WHAT THE EXERCISE ASKS -
Give the data again exactly as written, without any of its pictures.

AVAILABLE DATA -
**********

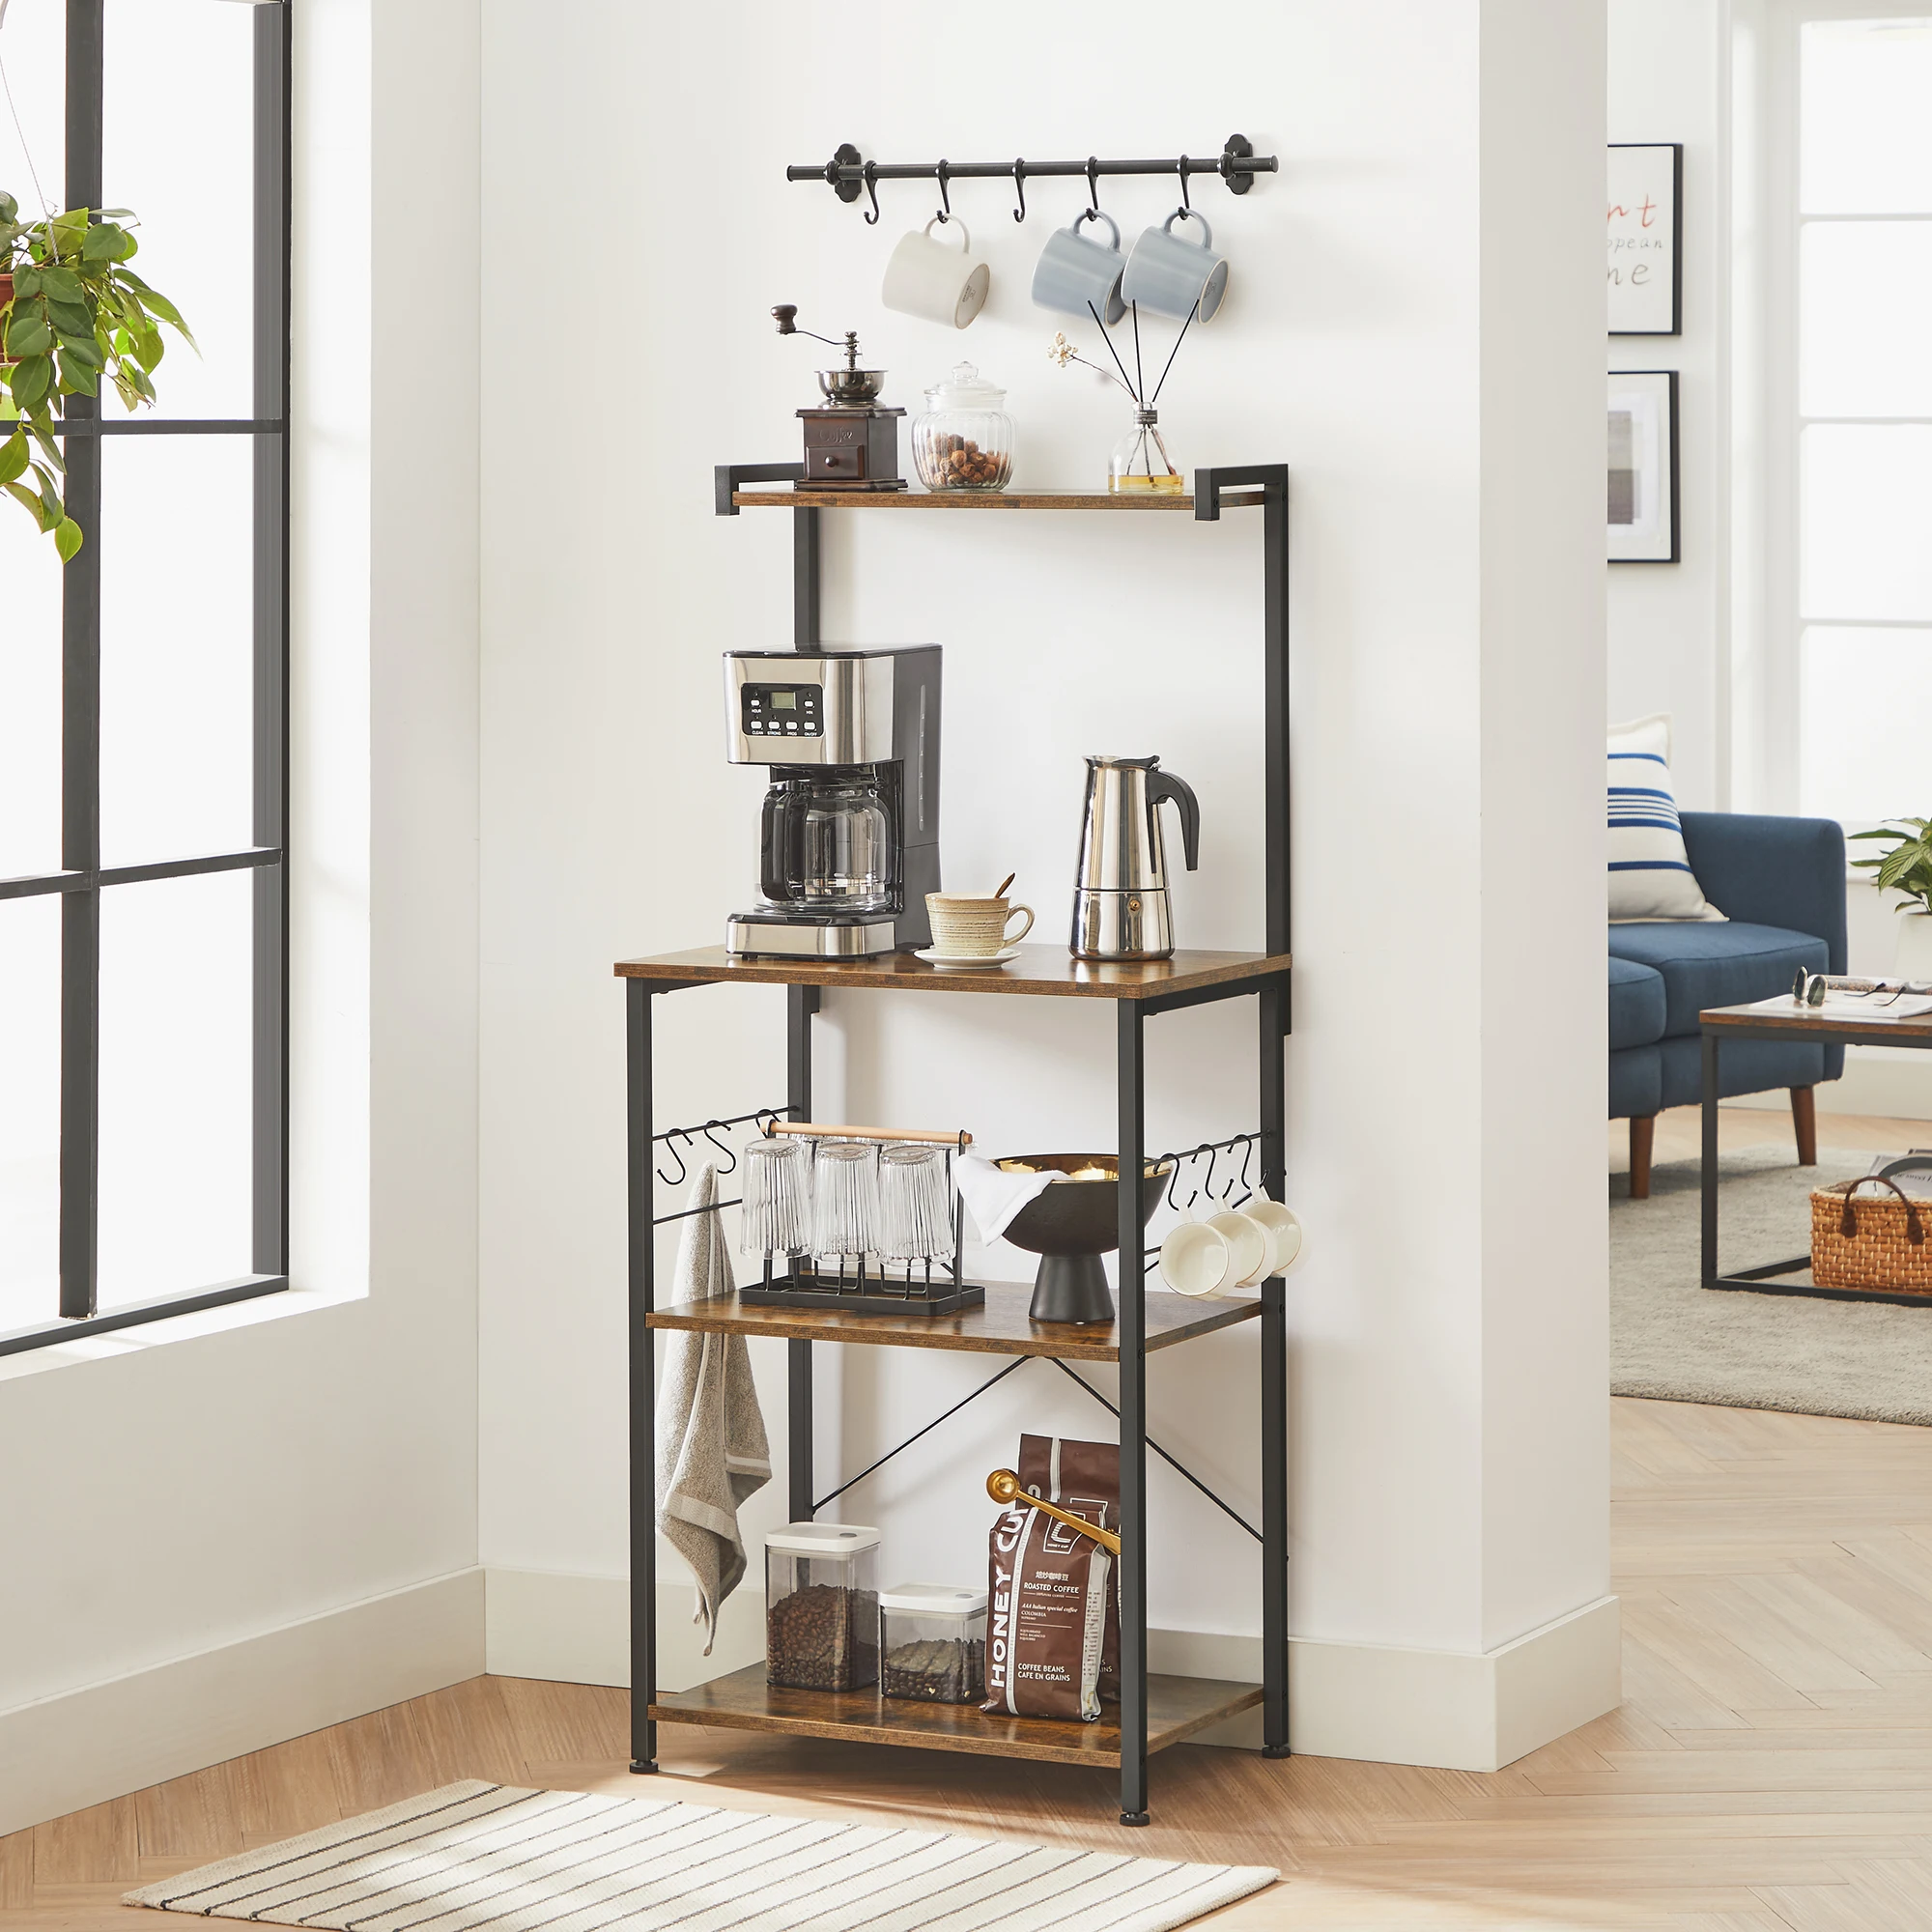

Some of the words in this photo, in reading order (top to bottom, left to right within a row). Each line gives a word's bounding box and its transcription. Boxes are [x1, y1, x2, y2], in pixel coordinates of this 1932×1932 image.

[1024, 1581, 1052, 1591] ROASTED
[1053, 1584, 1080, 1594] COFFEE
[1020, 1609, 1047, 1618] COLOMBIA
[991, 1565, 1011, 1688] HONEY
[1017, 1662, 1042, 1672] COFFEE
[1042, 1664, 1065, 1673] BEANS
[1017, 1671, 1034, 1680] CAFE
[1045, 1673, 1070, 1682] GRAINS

**********

FINISHED EXERCISE -
Some of the words in this photo, in reading order (top to bottom, left to right within a row). Each line gives a word's bounding box and its transcription. Boxes are [x1, y1, x2, y2], in pixel coordinates of this 1932×1932 image.

[1024, 1581, 1052, 1591] ROASTED
[1053, 1584, 1080, 1594] COFFEE
[1020, 1609, 1047, 1618] COLOMBIA
[991, 1565, 1011, 1688] HONEY
[1017, 1662, 1042, 1672] COFFEE
[1042, 1664, 1065, 1673] BEANS
[1017, 1671, 1034, 1680] CAFE
[1045, 1673, 1070, 1682] GRAINS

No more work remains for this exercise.